Add Custom Timespans to Timeline

There are three APIs to collect additional timespans from your application to feed into the Timeline Profiler.

Explicitly create, start and stop timespans

Tideways collects a single root timespan for every request by default. These time spans are used to calculate the response time charts. You can add more spans to a trace that represent SQL, HTTP or any other kind of operation and see a full trace timeline inside the Tideways UI.

This is the code to create spans during PHP requests which you want to trace:

<?php

$span = \Tideways\Profiler::createSpan('sql');
$span->annotate(['title' => 'insert users']);

$pdo->query('INSERT INTO users (id, name) values (1, "foo")');

$span->finish();

To avoid cluttering your codebase with Tideways Span code you should integrate this deep into your libraries and abstractions for database and HTTP clients.

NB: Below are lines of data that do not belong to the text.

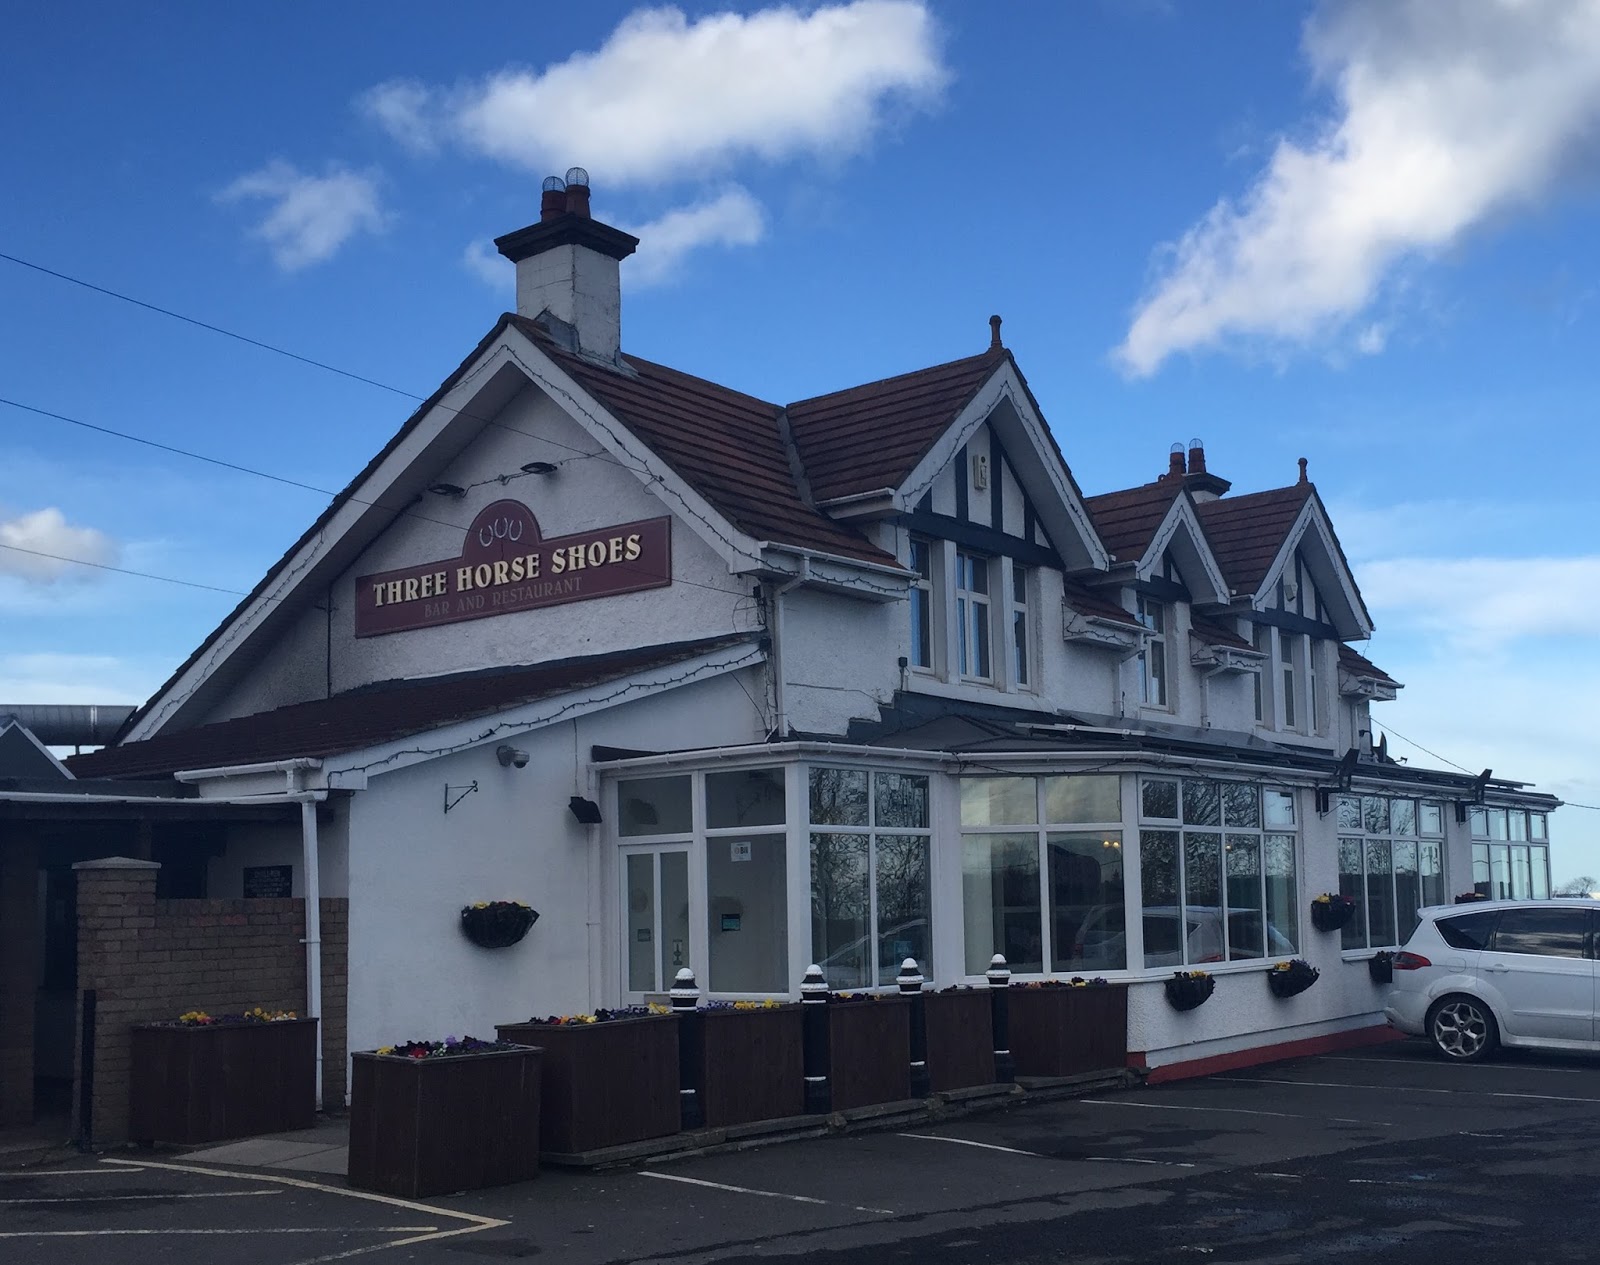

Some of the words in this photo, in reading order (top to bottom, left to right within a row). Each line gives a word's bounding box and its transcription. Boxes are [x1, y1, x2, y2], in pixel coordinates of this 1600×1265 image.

[373, 571, 447, 607] THREE
[456, 553, 540, 593] HORSE
[551, 534, 642, 574] SHOES
[424, 600, 450, 618] BAR
[457, 593, 485, 612] AND
[492, 576, 583, 607] RESTAURANT

Annotations are key/value pairs of additional information that we can display in the Tideways UI for each span.

Watching Function Calls

Sometimes you can’t or want to deeply integrate into a library. The Tideways extension offers a simple method to wrap spans around function calls by calling the method watch():

<?php

\Tideways\Profiler::start();
\Tideways\Profiler::watch('Acme\Library::doSomething');
Watches are only triggered in Tracing mode of Tideways and not in monitoring mode.

Watching function calls with callback

If you have more special needs there is a more powerful function that allows creating spans using a PHP callback:

<?php

\Tideways\Profiler::start();
\Tideways\Profiler::watchCallback(
    'MyTemplateEngine::render',
    function($context) {
        $span = \Tideways\Profiler::createSpan('view');

        $templateName = $context['object']->getTemplateName();
        $span->annotate(['title' => $templateName]);

        return $span;
    }
);

The $context variable has the following keys:

  • $context['fn'] contains the string of the function being called, in the above example MyTemplateEngine::render.

  • $context['object'] is set to the current instance where the method is being called on.

  • $context['args'] contains a list of arguments passed to the called function.

Watches are only triggered in Tracing mode of Tideways and not in monitoring mode. Using a watch callback to set the transaction or service name is therefore not reliable.